VOL. 42 | NO. 31 | Friday, August 3, 2018
Turning ‘what might have been’ into ‘what might be’
Ricky Hague works with one of his pupils at Nashville Baseball Academy on Allied Drive. Hague had to give up a promising career when he suffered a shoulder injury during his fifth professional game.
-- Tim Ghianni | The LedgerFrom the exterior, the low-slung building among the industrial warehouses and the like on Allied Drive bears no resemblance to Kevin Costner’s famous Iowa cornstalk-surrounded “Field of Dreams.”
But for Ricky Hague, a Nashville-based commercial and residential Realtor, it is just that (without the corn and “Shoeless Joe” Jackson), because inside, where green turf and batting cages fill the building, he is living out his own revised dreams while creating others … one kid at a time.
“I love coaching,” says Ricky, who works with players from elementary school through high school, teaching the bat-versus-ball mechanics and sharing the throwing and fielding tips and brain-training he learned as a young man growing up in Spring, Texas, outside Houston.
The same basic skills that took him to the cusp of his youthful dreams, playing in the Bigs, are those he’s now helping instill in the hearts and minds of the kids he teaches at Nashville Baseball Academy.
“He’s great,” says Rob Roder, as he watches his 6-year-old son Andrew try to launch balls pitched softly to him by Ricky. “He’ll make a good dad once he wants to do that.”
Rob adds that he’s seen the difference in his son’s skills after just a little while working with Ricky. “Andrew has good hand-eye coordination, but he is able to swing like a baseball player now.”
“Three more balls and then we’ll go work on fielding,” Ricky says as the kid swings and misses. “You’re doing good.”
In a separate conversation, Ricky’s voice even smiles when he talks about what he’s doing to help these youngsters. It’s the same kind of help he got when he was growing up with a good glove and a slugger’s mentality.
“Every kid dreams of making it in Major League Baseball,” Ricky adds.

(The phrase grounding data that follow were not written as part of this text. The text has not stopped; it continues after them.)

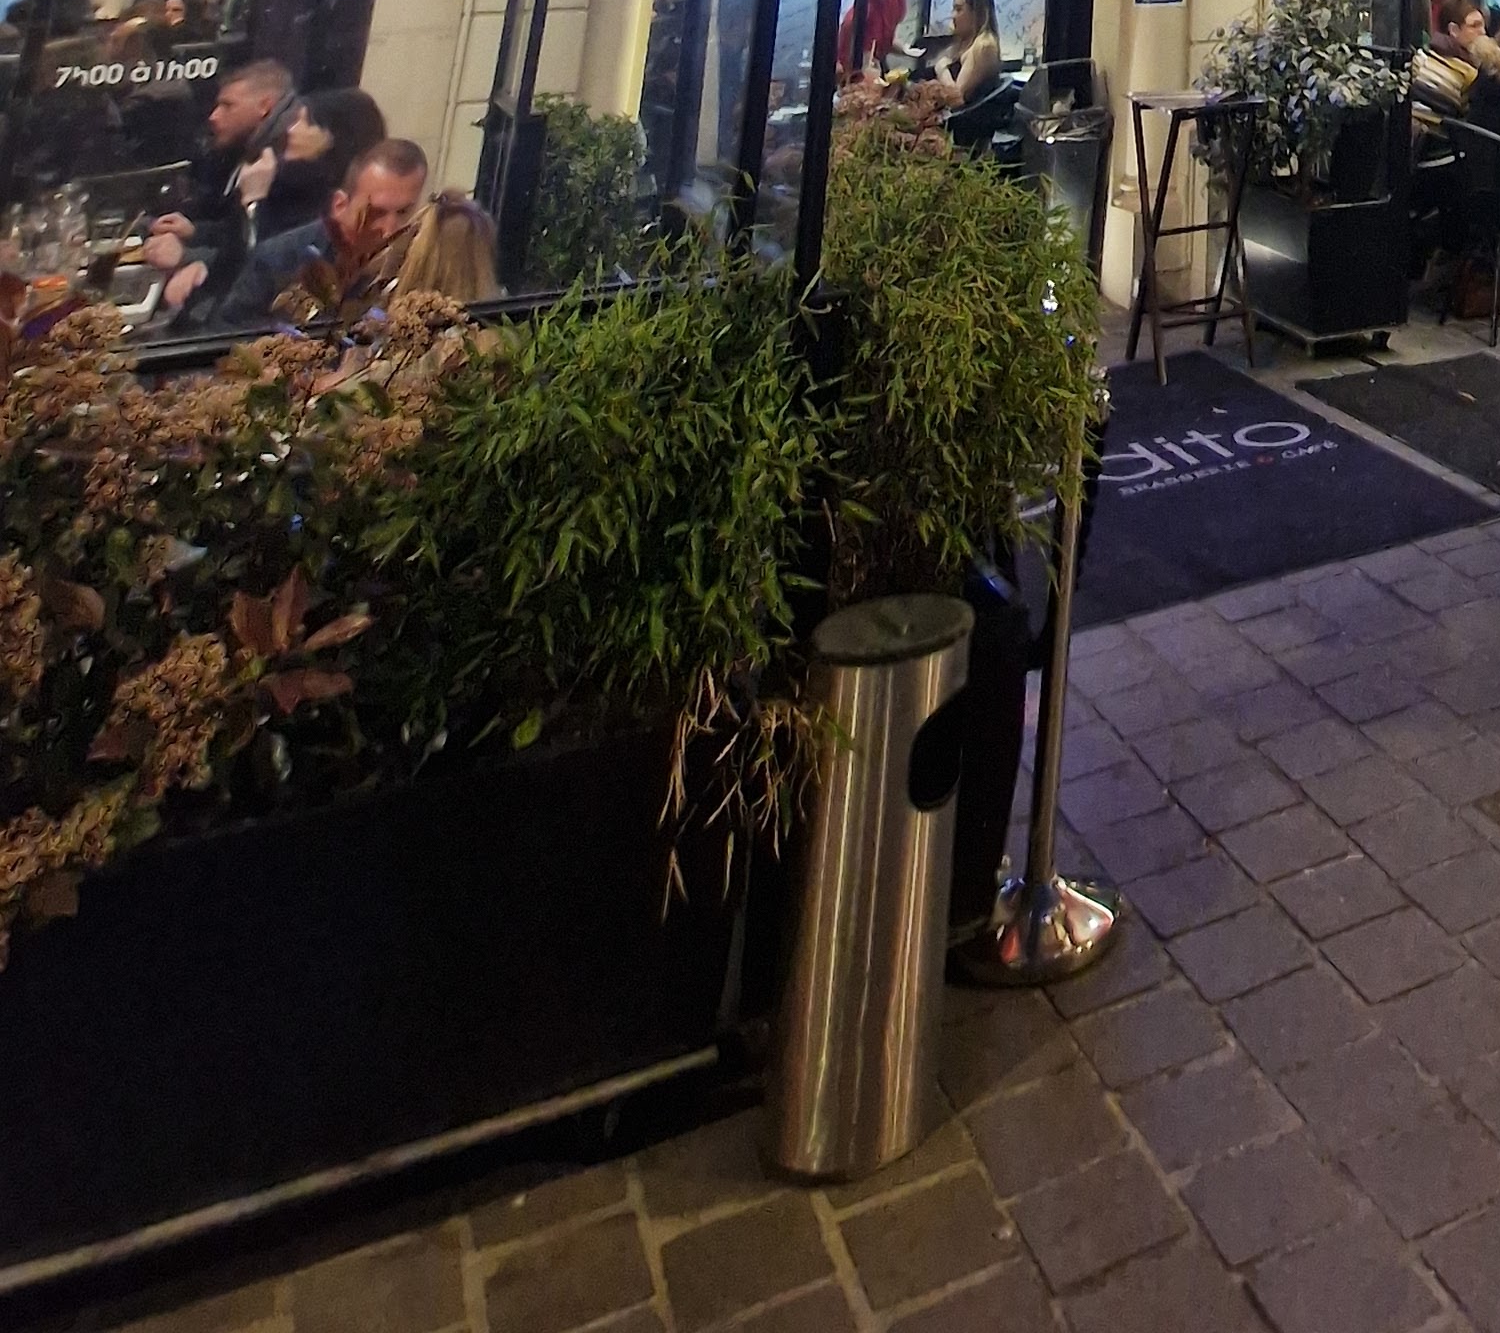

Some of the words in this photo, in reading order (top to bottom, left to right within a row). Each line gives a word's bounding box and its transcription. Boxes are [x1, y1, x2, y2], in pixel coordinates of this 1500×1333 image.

[54, 63, 125, 89] 7h00
[130, 60, 151, 83] à
[155, 57, 219, 81] 1h00
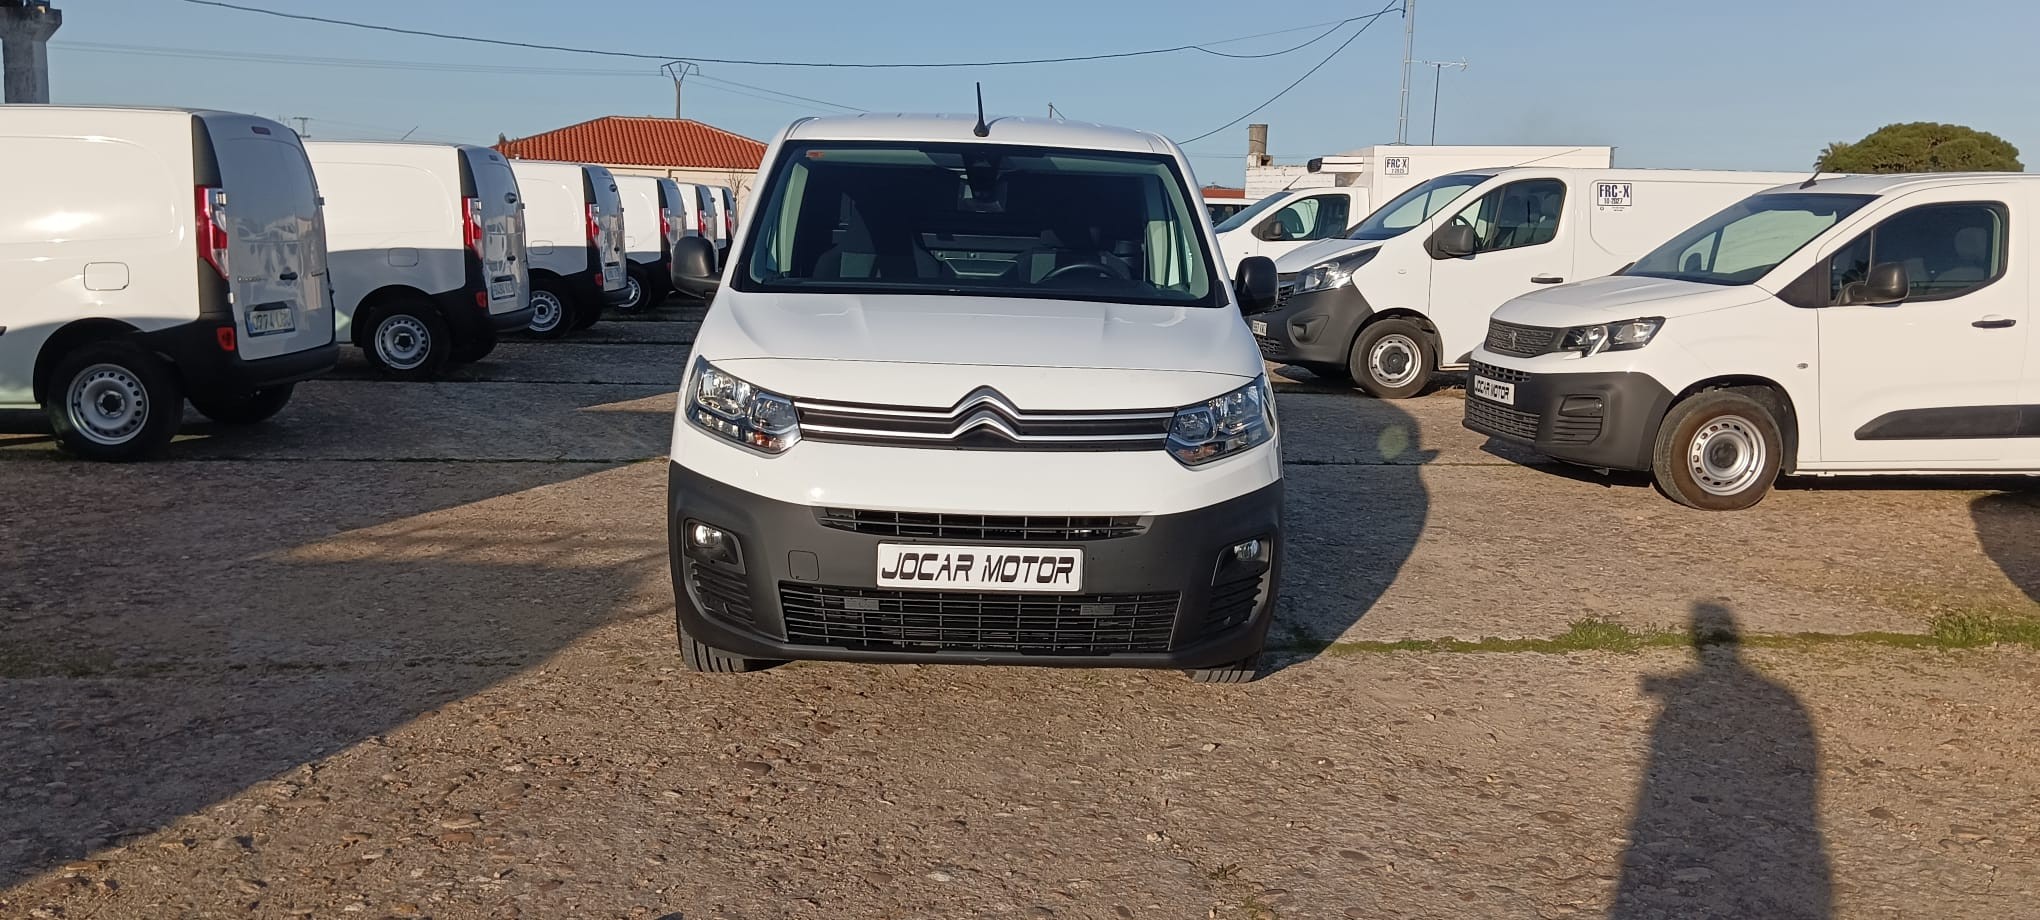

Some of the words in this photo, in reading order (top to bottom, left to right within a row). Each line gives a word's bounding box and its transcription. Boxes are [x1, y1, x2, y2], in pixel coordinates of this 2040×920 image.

[1599, 184, 1630, 198] FRC-X
[881, 552, 975, 582] JOCAR
[981, 554, 1075, 585] MOTOR

He almost did, hitting in the mid-.200s and even into the mid-.300s in the minor leagues after a stellar college career: He earned the shortstop’s spot on Team USA after his sophomore year at Rice University, where he honed his game while playing for one of the nation’s elite college baseball programs.
He looked to be a shoo-in when he was drafted by the Washington Nationals. A bit of dusting-off in the minors, and he was expected to, well, if not be the “next big thing” in Major League Baseball, he was at least on course to be a quality shortstop and slugger.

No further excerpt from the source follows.